(Data items)
· · · · ·

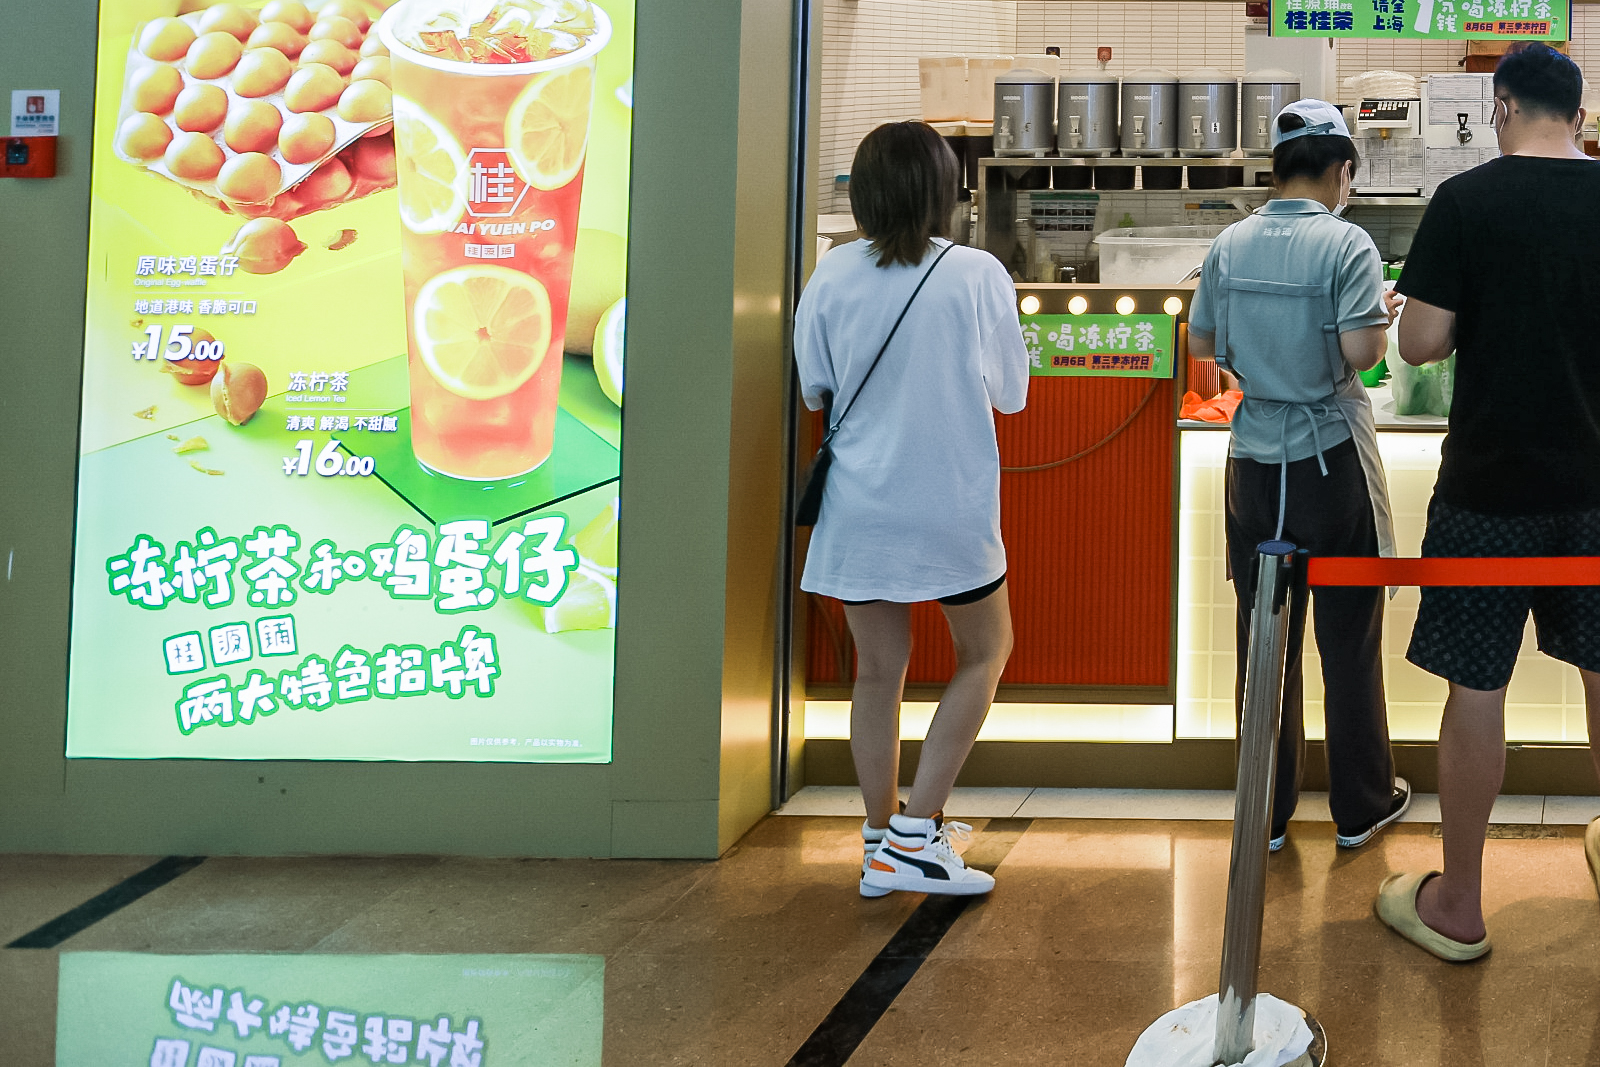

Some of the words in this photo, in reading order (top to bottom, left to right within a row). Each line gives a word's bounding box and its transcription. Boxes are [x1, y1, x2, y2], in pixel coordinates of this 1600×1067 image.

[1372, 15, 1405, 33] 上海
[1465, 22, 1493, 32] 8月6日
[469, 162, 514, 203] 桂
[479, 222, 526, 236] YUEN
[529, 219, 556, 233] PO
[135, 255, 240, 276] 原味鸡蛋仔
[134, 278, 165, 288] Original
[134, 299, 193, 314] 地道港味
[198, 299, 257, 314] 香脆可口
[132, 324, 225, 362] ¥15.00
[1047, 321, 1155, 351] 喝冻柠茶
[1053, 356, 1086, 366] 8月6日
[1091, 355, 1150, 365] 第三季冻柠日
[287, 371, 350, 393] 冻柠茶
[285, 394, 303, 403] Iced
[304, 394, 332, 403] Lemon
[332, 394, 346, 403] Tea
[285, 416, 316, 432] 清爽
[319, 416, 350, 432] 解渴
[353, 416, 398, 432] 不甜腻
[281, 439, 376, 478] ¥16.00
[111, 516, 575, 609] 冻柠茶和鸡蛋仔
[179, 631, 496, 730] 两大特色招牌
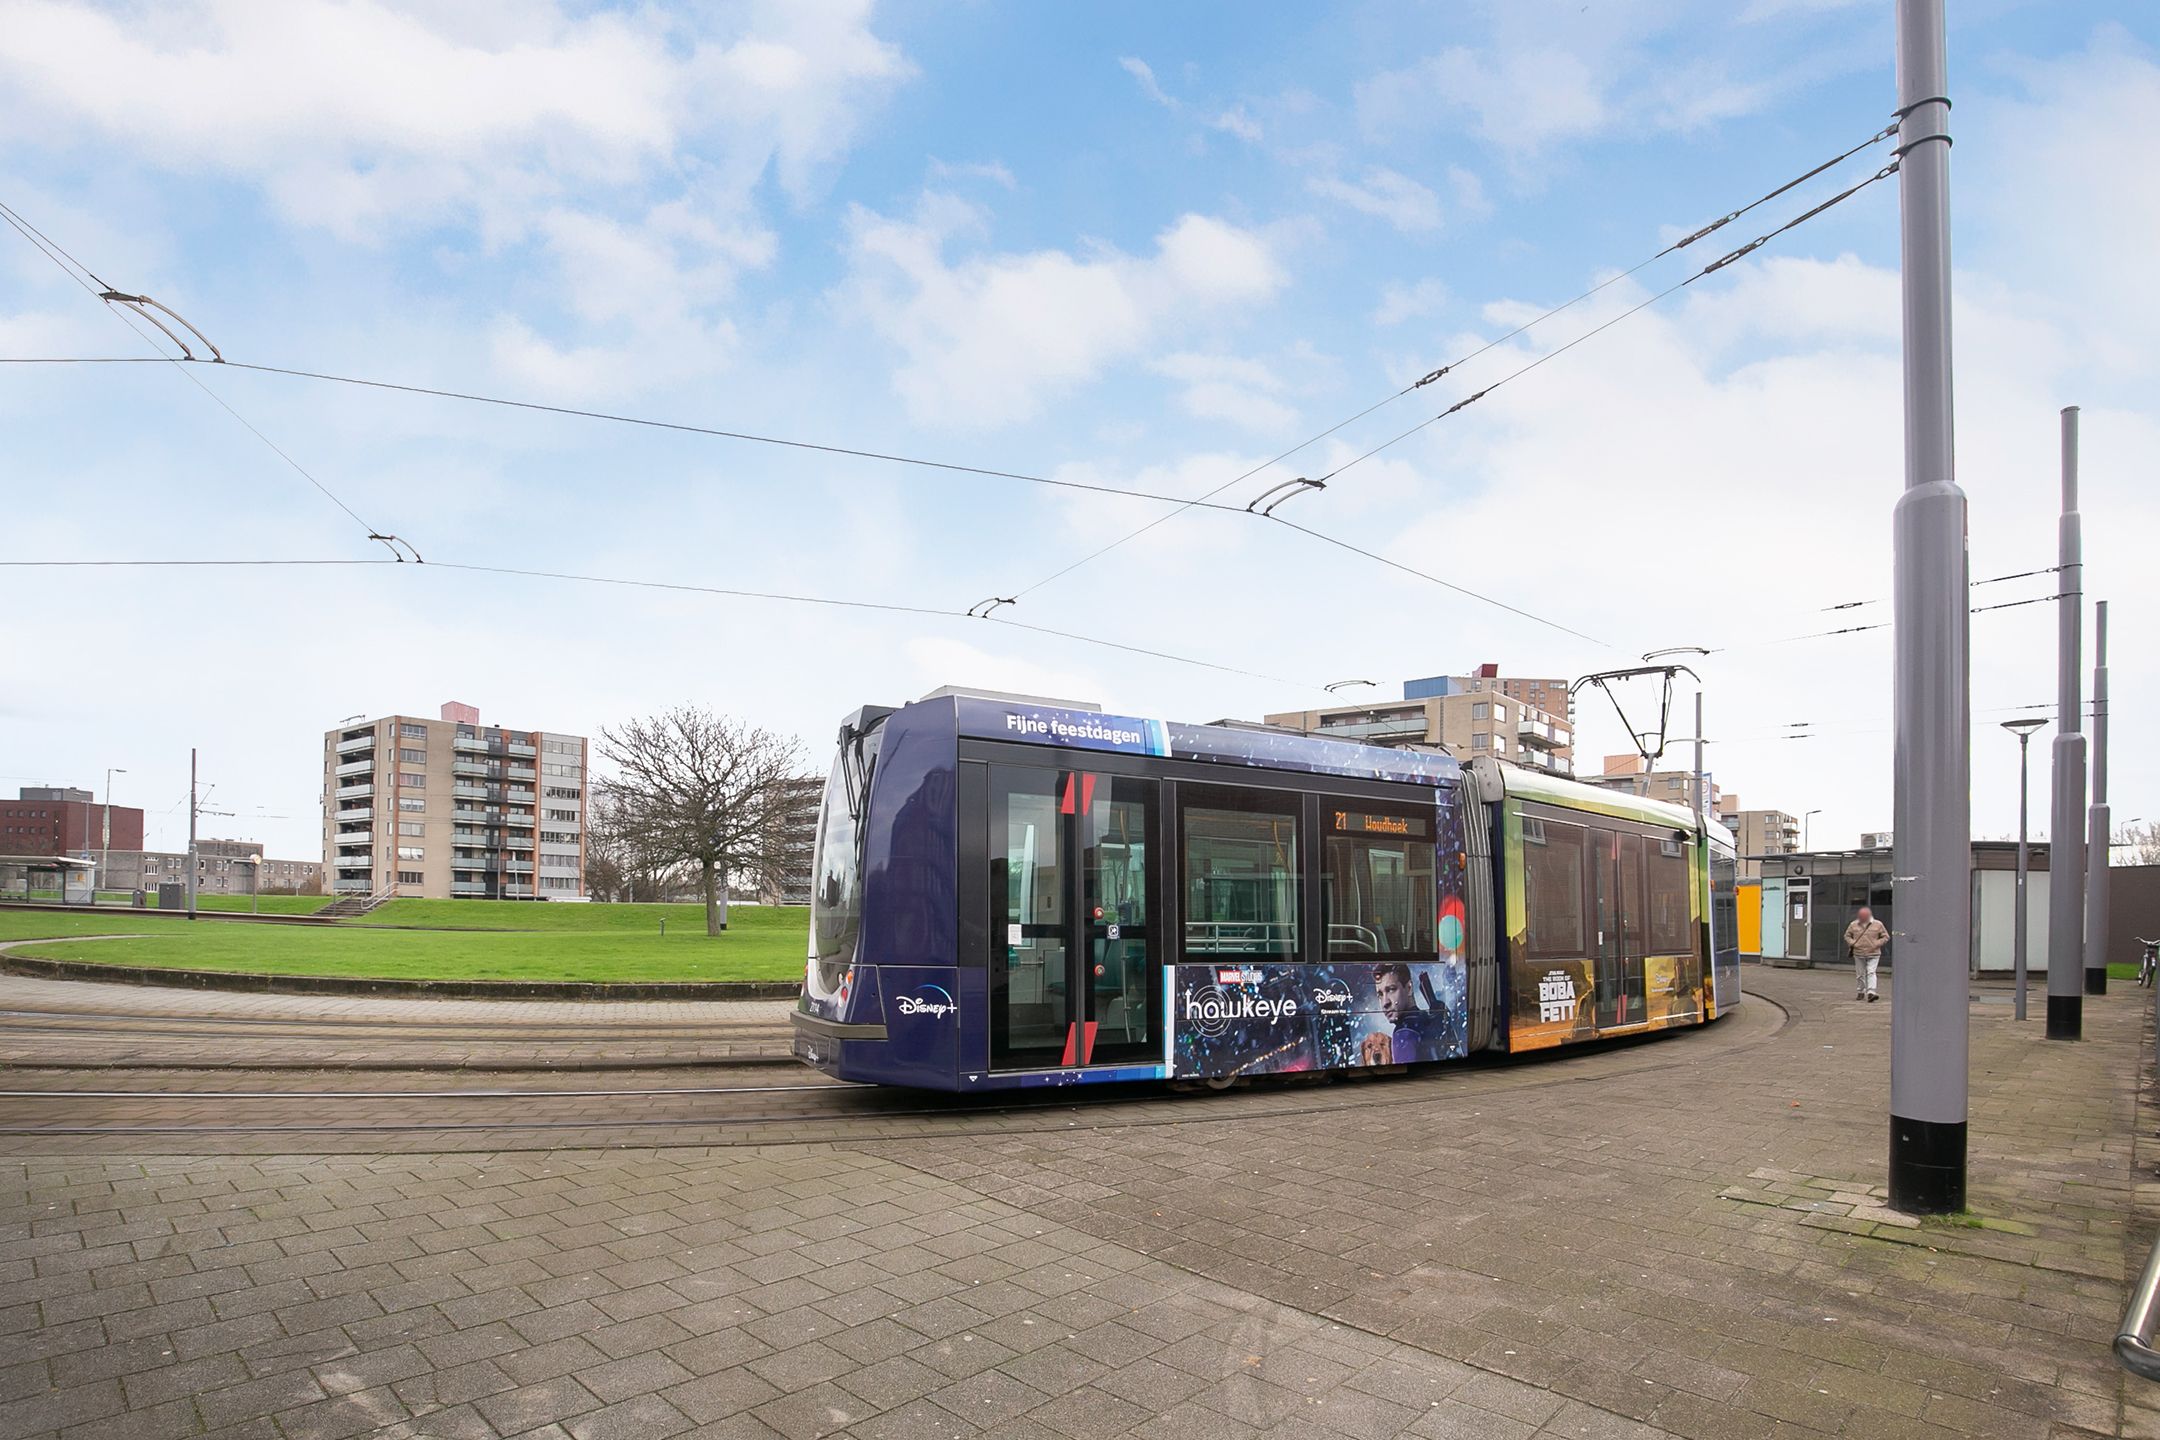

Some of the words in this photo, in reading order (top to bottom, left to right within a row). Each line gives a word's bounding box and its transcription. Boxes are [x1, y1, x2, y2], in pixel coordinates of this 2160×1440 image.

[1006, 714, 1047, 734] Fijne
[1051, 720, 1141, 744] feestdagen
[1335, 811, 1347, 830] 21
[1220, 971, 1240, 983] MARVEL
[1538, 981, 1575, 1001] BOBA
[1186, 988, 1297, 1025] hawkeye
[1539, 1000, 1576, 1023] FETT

· · · · ·

Once the pictures are removed, set down what remains of the entries above exactly.

Some of the words in this photo, in reading order (top to bottom, left to right within a row). Each line gives a word's bounding box and its transcription. Boxes are [x1, y1, x2, y2], in pixel coordinates of this 1600×1067 image.

[1372, 15, 1405, 33] 上海
[1465, 22, 1493, 32] 8月6日
[469, 162, 514, 203] 桂
[479, 222, 526, 236] YUEN
[529, 219, 556, 233] PO
[135, 255, 240, 276] 原味鸡蛋仔
[134, 278, 165, 288] Original
[134, 299, 193, 314] 地道港味
[198, 299, 257, 314] 香脆可口
[132, 324, 225, 362] ¥15.00
[1047, 321, 1155, 351] 喝冻柠茶
[1053, 356, 1086, 366] 8月6日
[1091, 355, 1150, 365] 第三季冻柠日
[287, 371, 350, 393] 冻柠茶
[285, 394, 303, 403] Iced
[304, 394, 332, 403] Lemon
[332, 394, 346, 403] Tea
[285, 416, 316, 432] 清爽
[319, 416, 350, 432] 解渴
[353, 416, 398, 432] 不甜腻
[281, 439, 376, 478] ¥16.00
[111, 516, 575, 609] 冻柠茶和鸡蛋仔
[179, 631, 496, 730] 两大特色招牌

Some of the words in this photo, in reading order (top to bottom, left to right within a row). Each line gives a word's bounding box and its transcription. Boxes are [x1, y1, x2, y2], in pixel coordinates of this 2160×1440 image.

[1006, 714, 1047, 734] Fijne
[1051, 720, 1141, 744] feestdagen
[1335, 811, 1347, 830] 21
[1220, 971, 1240, 983] MARVEL
[1538, 981, 1575, 1001] BOBA
[1186, 988, 1297, 1025] hawkeye
[1539, 1000, 1576, 1023] FETT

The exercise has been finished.